Sumitomo Ryota, Hirai Tatsuya, Fujita Masaaki, Murakami Hiroaki, Otake Yosuke, Huang Cheng-Long
Department of Thoracic Surgery, Tazuke Kofukai Medical Research Institute, Kitano Hospital, Osaka 530-8480, Japan.
Department of Clinical Immunology and Rheumatology, Tazuke Kofukai Medical Research Institute, Kitano Hospital, Osaka 530-8480, Japan.
Exp Ther Med. 2019 Dec;18(6):4490-4498. doi: 10.3892/etm.2019.8068. Epub 2019 Sep 30.
Tumor-associated macrophages (TAMs) are key components of the tumor microenvironment that can be polarized into different phenotypes, including tumor-inhibiting M1 macrophages and tumor-promoting M2 macrophages. To elucidate the biological and clinical significance of M2 TAMs in non-small-cell lung cancer (NSCLC), a comprehensive clinical assessment of the tissue distribution of M2 TAMs was performed. The tissue distribution of M2 TAMs was retrospectively analyzed using CD163 immunohistochemistry in 160 consecutive patients who underwent NSCLC resection. Tumor proliferation was evaluated via the Ki-67 proliferation index. The results revealed that the stromal density of M2 TAMs was significantly associated with the C-reactive protein (CRP) level (P=0.0250), the Ki-67 proliferation index (P=0.0090) and invasive size (P=0.0285). Furthermore, the stromal M2 TAM density was significantly associated with tumor differentiation (P=0.0018), lymph node metastasis (P=0.0347) and pathological stage (P=0.0412). The alveolar M2 TAM density was also significantly associated with the CRP level (P=0.0309), invasive size (P<0.0001), tumor differentiation (P=0.0192), tumor status (P=0.0108) and pathological stage (P=0.0110). By contrast, no association was observed between islet M2 TAM density and the aforementioned biological and clinical factors. In regards to prognosis, disease-free survival rate was significantly lower in patients with stromal M2 TAM-high tumors (P=0.0270) and in those with alveolar M2 TAM-high tumors (P=0.0283). Furthermore, the overall survival rate was also significantly lower in patients with stromal M2 TAM-high tumors (P=0.0162) and in those with alveolar M2 TAM-high tumors (P=0.0225). Therefore, during NSCLC progression, M2 TAMs may induce tumor cell aggressiveness and proliferation and increase metastatic potential, resulting in a poor prognosis in patients with NSCLC.

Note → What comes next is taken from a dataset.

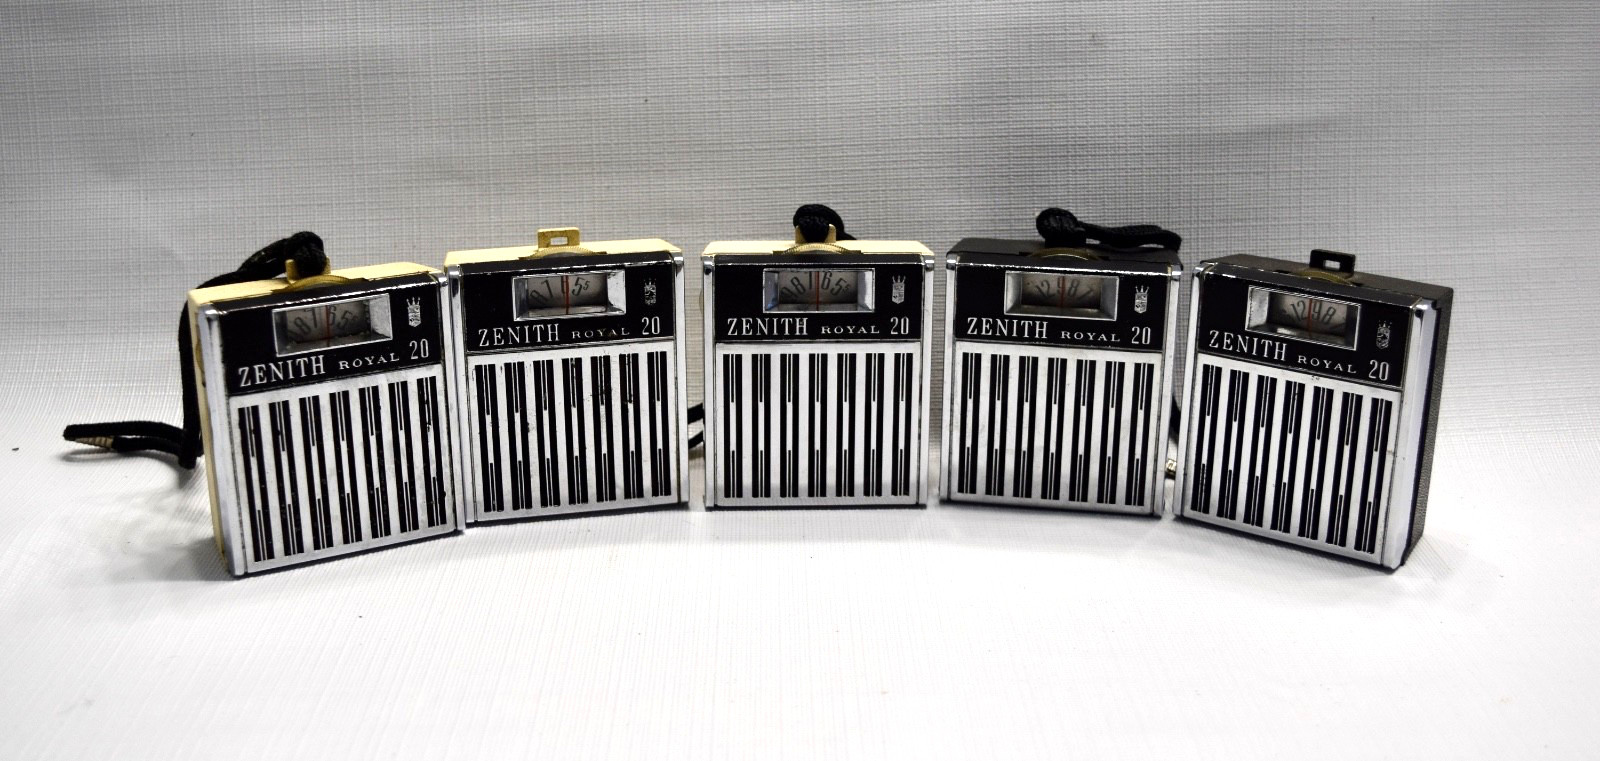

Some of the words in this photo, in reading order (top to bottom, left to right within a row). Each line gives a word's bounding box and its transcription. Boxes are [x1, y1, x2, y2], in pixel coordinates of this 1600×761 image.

肿瘤相关巨噬细胞(TAM)是肿瘤微环境的关键组成部分,可极化为不同表型,包括抑制肿瘤的M1巨噬细胞和促进肿瘤的M2巨噬细胞。为阐明M2 TAM在非小细胞肺癌(NSCLC)中的生物学和临床意义,我们对M2 TAM的组织分布进行了全面的临床评估。使用CD163免疫组织化学对160例连续接受NSCLC切除术的患者进行回顾性分析,以研究M2 TAM的组织分布情况。通过Ki-67增殖指数评估肿瘤增殖情况。结果显示,M2 TAM的基质密度与C反应蛋白(CRP)水平(P = 0.0250)、Ki-67增殖指数(P = 0.0090)和浸润大小(P = 0.0285)显著相关。此外,基质M2 TAM密度与肿瘤分化(P = 0.0018)、淋巴结转移(P = 0.0347)和病理分期(P = 0.0412)显著相关。肺泡M2 TAM密度也与CRP水平(P = 0.0309)、浸润大小(P < 0.0001)、肿瘤分化(P = 0.0192)、肿瘤状态(P = 0.0108)和病理分期(P = 0.0110)显著相关。相比之下,未观察到胰岛M2 TAM密度与上述生物学和临床因素之间存在关联。关于预后,基质M2 TAM高表达肿瘤患者的无病生存率显著较低(P = 0.0270),肺泡M2 TAM高表达肿瘤患者的无病生存率也显著较低(P = 0.0283)。此外,基质M2 TAM高表达肿瘤患者的总生存率也显著较低(P = 0.0162),肺泡M2 TAM高表达肿瘤患者的总生存率同样显著较低(P = 0.0225)。因此,在NSCLC进展过程中,M2 TAM可能诱导肿瘤细胞的侵袭性和增殖,并增加转移潜能,导致NSCLC患者预后不良。